Neither the Greeks, nor the Romans, nor most any Western Culture, nor Charles Messier or his assistant Pierre Méchain found anything of importance to amateur astronomers among the stars we know as Camelopardalis. It took until the 18th century for William Herschel to identify an object worthy of cataloguing in the forms of the sort-of elliptical/sort-of spiral galaxy NGC 2403 (shown above, from Hubble).
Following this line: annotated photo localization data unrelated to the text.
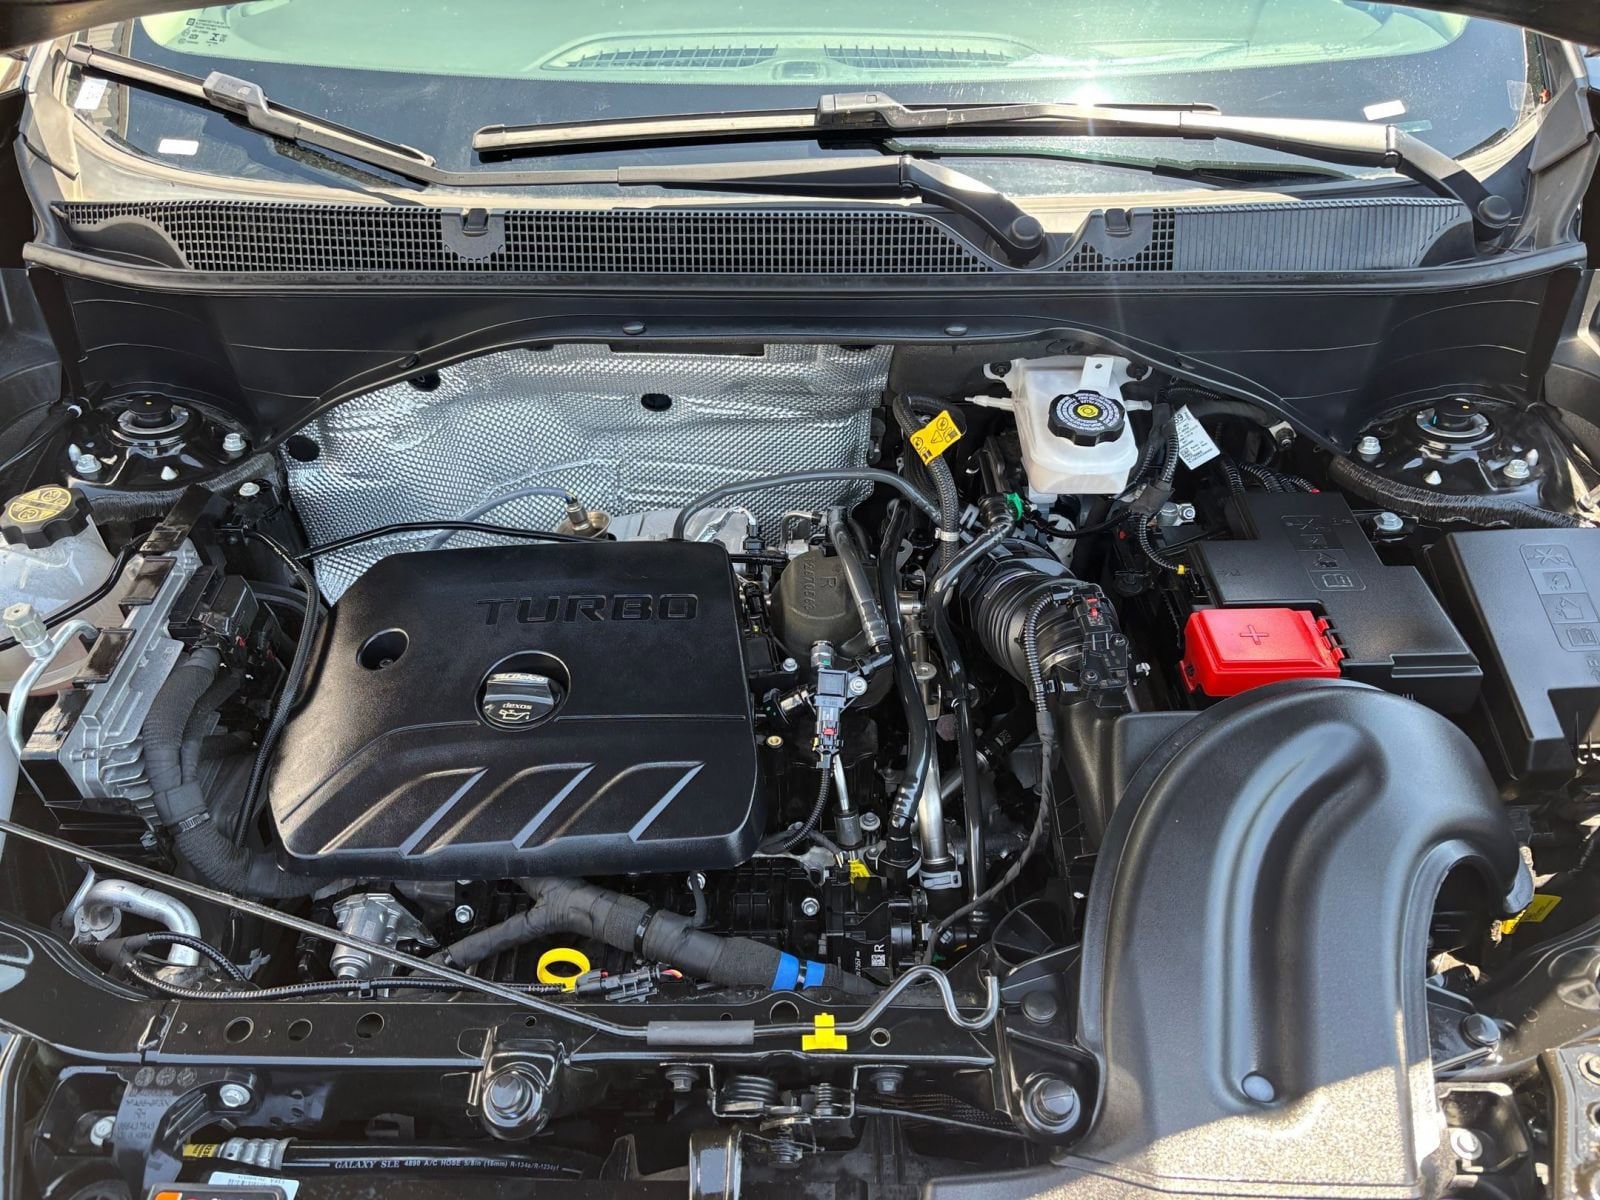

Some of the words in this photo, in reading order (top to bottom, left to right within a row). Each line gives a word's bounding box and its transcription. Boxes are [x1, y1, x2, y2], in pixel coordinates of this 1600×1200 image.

[476, 593, 699, 626] TURBO
[502, 702, 533, 711] dexos
[874, 944, 885, 952] R
[334, 1160, 377, 1169] GALAXY
[380, 1160, 400, 1169] SLE
[424, 1159, 438, 1167] A/C
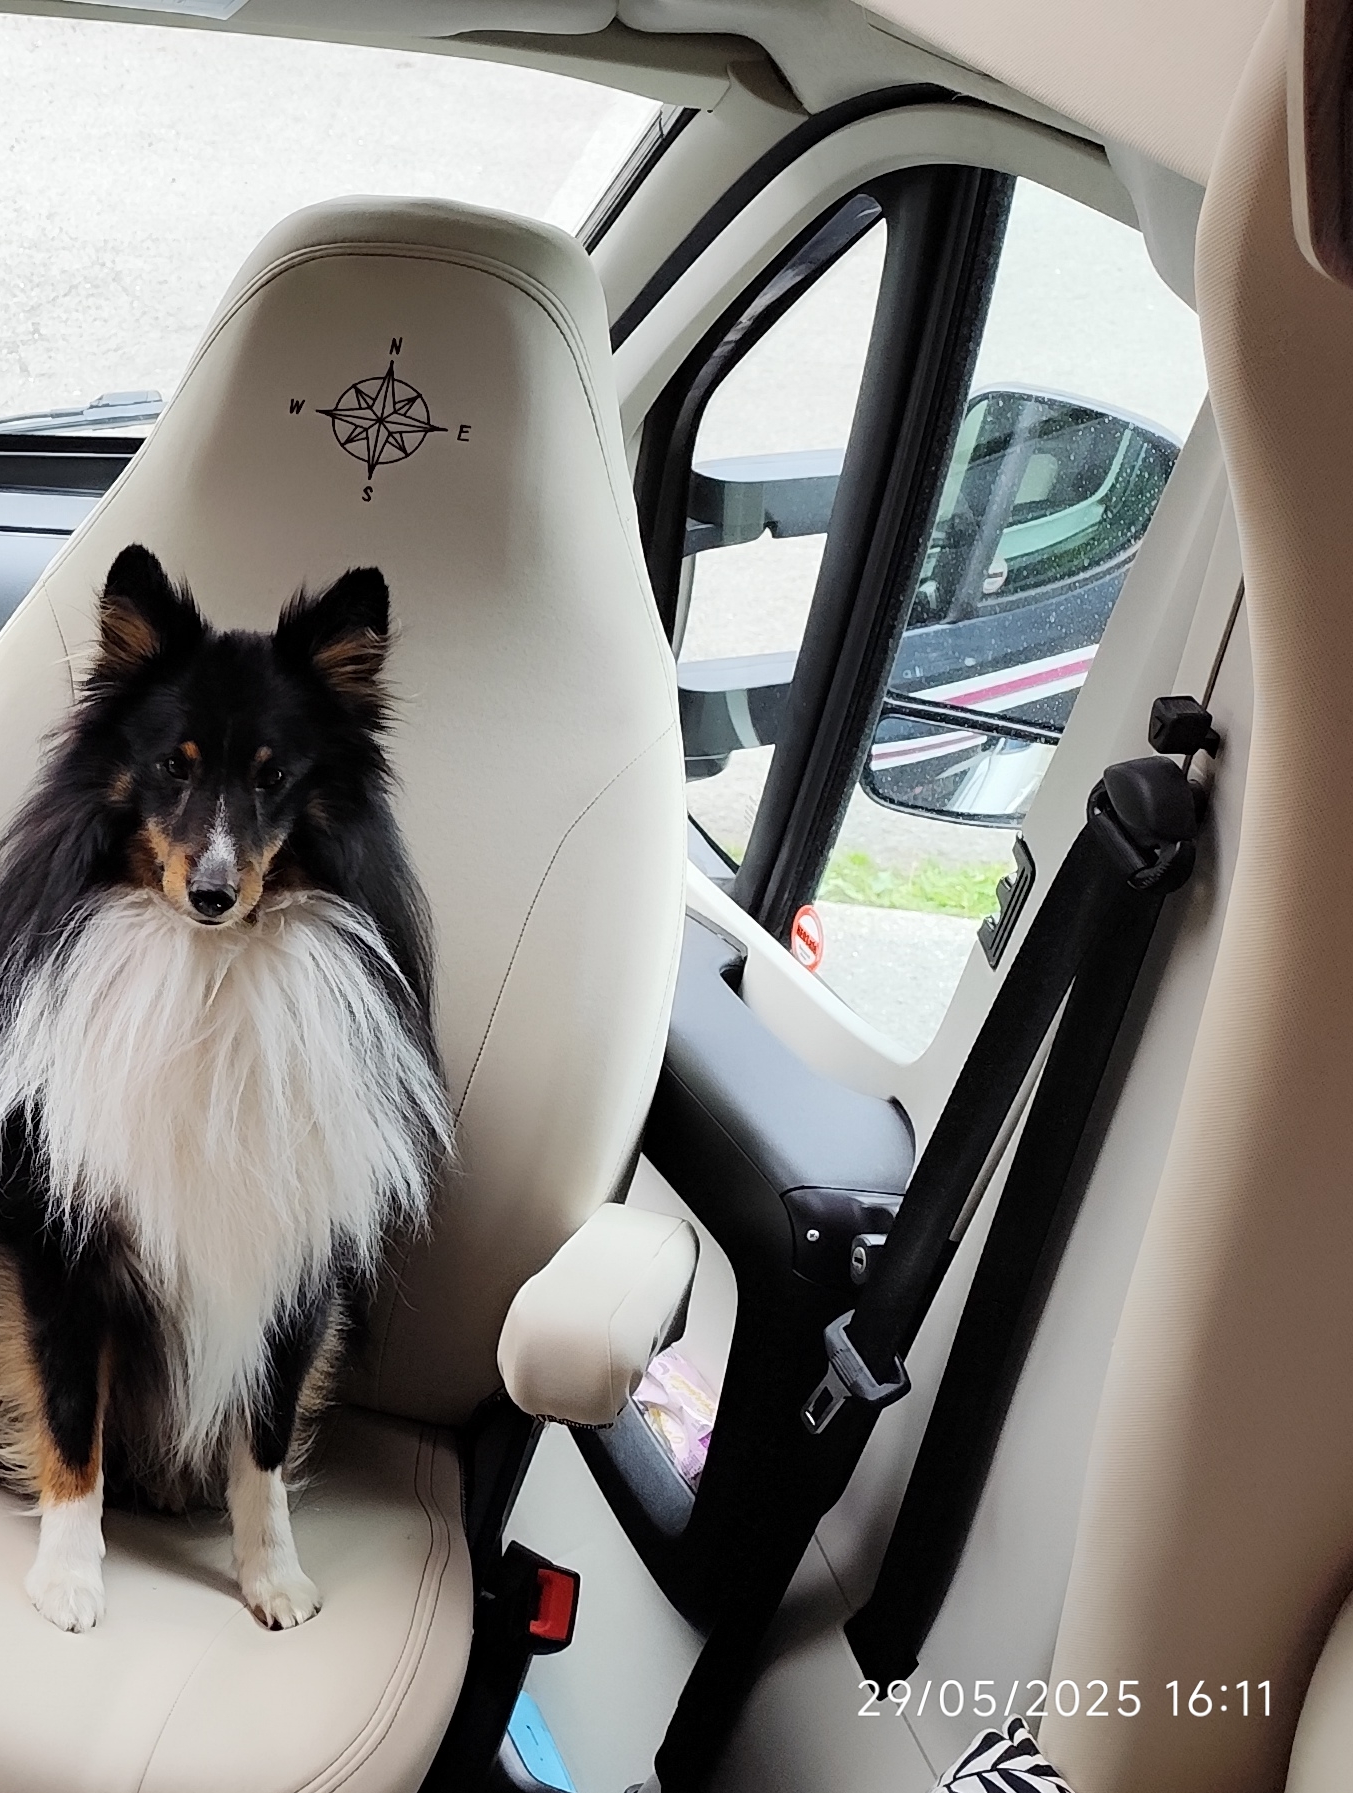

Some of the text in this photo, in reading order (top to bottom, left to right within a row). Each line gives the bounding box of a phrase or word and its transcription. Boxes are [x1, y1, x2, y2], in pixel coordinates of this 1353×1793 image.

[390, 337, 402, 355] N
[289, 399, 305, 414] W
[457, 424, 471, 441] E
[362, 486, 374, 502] S
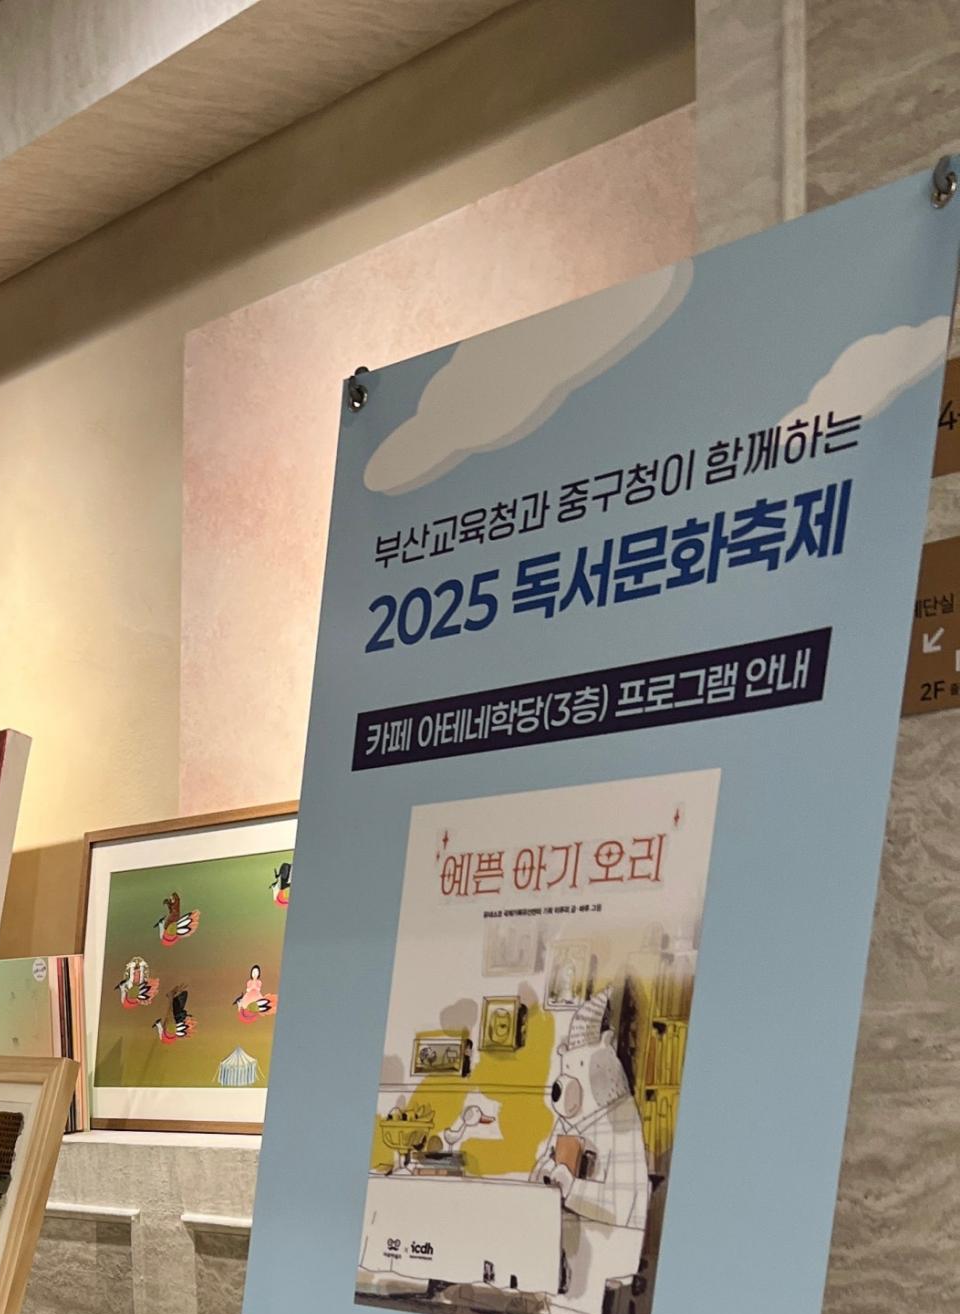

We now know that this region of the sky contains many interesting, but faint, observables, some of which lie within the Milky Way (such as the planetary nebula NGC 1501 and the open cluster NGC 1502) and many which lie far, far beyond, all likely visible only because they lie away from the galactic plane of the Milky Way (and, therefore, are identifiable because they are in a relatively barren stellar savannah that doesn’t obscure our view). Among these are NGC 2655, IC 342 (shown below in infrared from NASA WISE), and NGC 1569 (all exceptionally tough targets due to Syracuse light pollution).